### BRIEF:
Would you return the entries below word for word?

### DATA UNDER STUDY:
▼
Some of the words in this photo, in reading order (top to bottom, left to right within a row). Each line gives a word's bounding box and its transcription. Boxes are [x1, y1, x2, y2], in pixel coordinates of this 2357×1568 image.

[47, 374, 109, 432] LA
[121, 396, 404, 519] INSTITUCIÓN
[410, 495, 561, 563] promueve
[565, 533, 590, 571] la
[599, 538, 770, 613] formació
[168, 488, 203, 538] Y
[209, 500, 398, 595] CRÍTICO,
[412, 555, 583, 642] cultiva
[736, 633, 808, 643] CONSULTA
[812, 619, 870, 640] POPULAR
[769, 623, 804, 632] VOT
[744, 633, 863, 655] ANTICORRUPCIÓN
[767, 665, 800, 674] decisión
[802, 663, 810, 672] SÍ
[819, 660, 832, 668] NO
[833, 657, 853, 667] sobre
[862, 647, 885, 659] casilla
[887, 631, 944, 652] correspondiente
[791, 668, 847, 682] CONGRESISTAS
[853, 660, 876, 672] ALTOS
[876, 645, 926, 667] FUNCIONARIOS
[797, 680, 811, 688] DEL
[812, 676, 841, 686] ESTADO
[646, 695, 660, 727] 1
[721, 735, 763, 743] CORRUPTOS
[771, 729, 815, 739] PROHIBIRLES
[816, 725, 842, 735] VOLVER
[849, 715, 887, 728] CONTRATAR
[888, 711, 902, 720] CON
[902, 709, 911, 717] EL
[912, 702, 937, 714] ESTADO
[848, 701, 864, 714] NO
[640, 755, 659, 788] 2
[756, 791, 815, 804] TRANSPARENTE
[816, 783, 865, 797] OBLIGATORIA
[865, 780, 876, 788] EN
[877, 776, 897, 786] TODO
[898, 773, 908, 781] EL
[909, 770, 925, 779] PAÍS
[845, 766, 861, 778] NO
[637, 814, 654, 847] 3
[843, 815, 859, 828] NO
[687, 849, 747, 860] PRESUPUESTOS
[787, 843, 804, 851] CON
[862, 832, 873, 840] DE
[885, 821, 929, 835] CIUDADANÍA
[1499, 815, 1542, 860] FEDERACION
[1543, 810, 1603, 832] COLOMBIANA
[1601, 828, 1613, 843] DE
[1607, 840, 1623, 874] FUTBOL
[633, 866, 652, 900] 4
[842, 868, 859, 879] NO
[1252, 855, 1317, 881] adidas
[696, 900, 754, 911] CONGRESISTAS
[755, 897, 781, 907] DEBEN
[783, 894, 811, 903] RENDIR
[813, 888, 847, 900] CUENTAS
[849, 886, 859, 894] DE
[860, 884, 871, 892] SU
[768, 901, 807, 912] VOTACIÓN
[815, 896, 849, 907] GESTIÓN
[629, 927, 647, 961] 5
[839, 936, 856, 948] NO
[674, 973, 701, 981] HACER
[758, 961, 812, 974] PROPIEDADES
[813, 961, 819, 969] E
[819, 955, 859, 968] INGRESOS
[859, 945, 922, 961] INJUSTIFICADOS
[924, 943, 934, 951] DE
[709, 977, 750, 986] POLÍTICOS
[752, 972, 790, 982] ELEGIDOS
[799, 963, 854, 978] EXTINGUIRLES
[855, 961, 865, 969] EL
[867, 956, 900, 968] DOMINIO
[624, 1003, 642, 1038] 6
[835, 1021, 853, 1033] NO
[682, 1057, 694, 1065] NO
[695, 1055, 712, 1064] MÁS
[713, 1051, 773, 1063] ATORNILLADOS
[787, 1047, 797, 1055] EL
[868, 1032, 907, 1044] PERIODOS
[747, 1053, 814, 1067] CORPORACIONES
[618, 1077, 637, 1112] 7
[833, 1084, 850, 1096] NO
▲
### YOUR RESPONSE:
Some of the words in this photo, in reading order (top to bottom, left to right within a row). Each line gives a word's bounding box and its transcription. Boxes are [x1, y1, x2, y2], in pixel coordinates of this 2357×1568 image.

[47, 374, 109, 432] LA
[121, 396, 404, 519] INSTITUCIÓN
[410, 495, 561, 563] promueve
[565, 533, 590, 571] la
[599, 538, 770, 613] formació
[168, 488, 203, 538] Y
[209, 500, 398, 595] CRÍTICO,
[412, 555, 583, 642] cultiva
[736, 633, 808, 643] CONSULTA
[812, 619, 870, 640] POPULAR
[769, 623, 804, 632] VOT
[744, 633, 863, 655] ANTICORRUPCIÓN
[767, 665, 800, 674] decisión
[802, 663, 810, 672] SÍ
[819, 660, 832, 668] NO
[833, 657, 853, 667] sobre
[862, 647, 885, 659] casilla
[887, 631, 944, 652] correspondiente
[791, 668, 847, 682] CONGRESISTAS
[853, 660, 876, 672] ALTOS
[876, 645, 926, 667] FUNCIONARIOS
[797, 680, 811, 688] DEL
[812, 676, 841, 686] ESTADO
[646, 695, 660, 727] 1
[721, 735, 763, 743] CORRUPTOS
[771, 729, 815, 739] PROHIBIRLES
[816, 725, 842, 735] VOLVER
[849, 715, 887, 728] CONTRATAR
[888, 711, 902, 720] CON
[902, 709, 911, 717] EL
[912, 702, 937, 714] ESTADO
[848, 701, 864, 714] NO
[640, 755, 659, 788] 2
[756, 791, 815, 804] TRANSPARENTE
[816, 783, 865, 797] OBLIGATORIA
[865, 780, 876, 788] EN
[877, 776, 897, 786] TODO
[898, 773, 908, 781] EL
[909, 770, 925, 779] PAÍS
[845, 766, 861, 778] NO
[637, 814, 654, 847] 3
[843, 815, 859, 828] NO
[687, 849, 747, 860] PRESUPUESTOS
[787, 843, 804, 851] CON
[862, 832, 873, 840] DE
[885, 821, 929, 835] CIUDADANÍA
[1499, 815, 1542, 860] FEDERACION
[1543, 810, 1603, 832] COLOMBIANA
[1601, 828, 1613, 843] DE
[1607, 840, 1623, 874] FUTBOL
[633, 866, 652, 900] 4
[842, 868, 859, 879] NO
[1252, 855, 1317, 881] adidas
[696, 900, 754, 911] CONGRESISTAS
[755, 897, 781, 907] DEBEN
[783, 894, 811, 903] RENDIR
[813, 888, 847, 900] CUENTAS
[849, 886, 859, 894] DE
[860, 884, 871, 892] SU
[768, 901, 807, 912] VOTACIÓN
[815, 896, 849, 907] GESTIÓN
[629, 927, 647, 961] 5
[839, 936, 856, 948] NO
[674, 973, 701, 981] HACER
[758, 961, 812, 974] PROPIEDADES
[813, 961, 819, 969] E
[819, 955, 859, 968] INGRESOS
[859, 945, 922, 961] INJUSTIFICADOS
[924, 943, 934, 951] DE
[709, 977, 750, 986] POLÍTICOS
[752, 972, 790, 982] ELEGIDOS
[799, 963, 854, 978] EXTINGUIRLES
[855, 961, 865, 969] EL
[867, 956, 900, 968] DOMINIO
[624, 1003, 642, 1038] 6
[835, 1021, 853, 1033] NO
[682, 1057, 694, 1065] NO
[695, 1055, 712, 1064] MÁS
[713, 1051, 773, 1063] ATORNILLADOS
[787, 1047, 797, 1055] EL
[868, 1032, 907, 1044] PERIODOS
[747, 1053, 814, 1067] CORPORACIONES
[618, 1077, 637, 1112] 7
[833, 1084, 850, 1096] NO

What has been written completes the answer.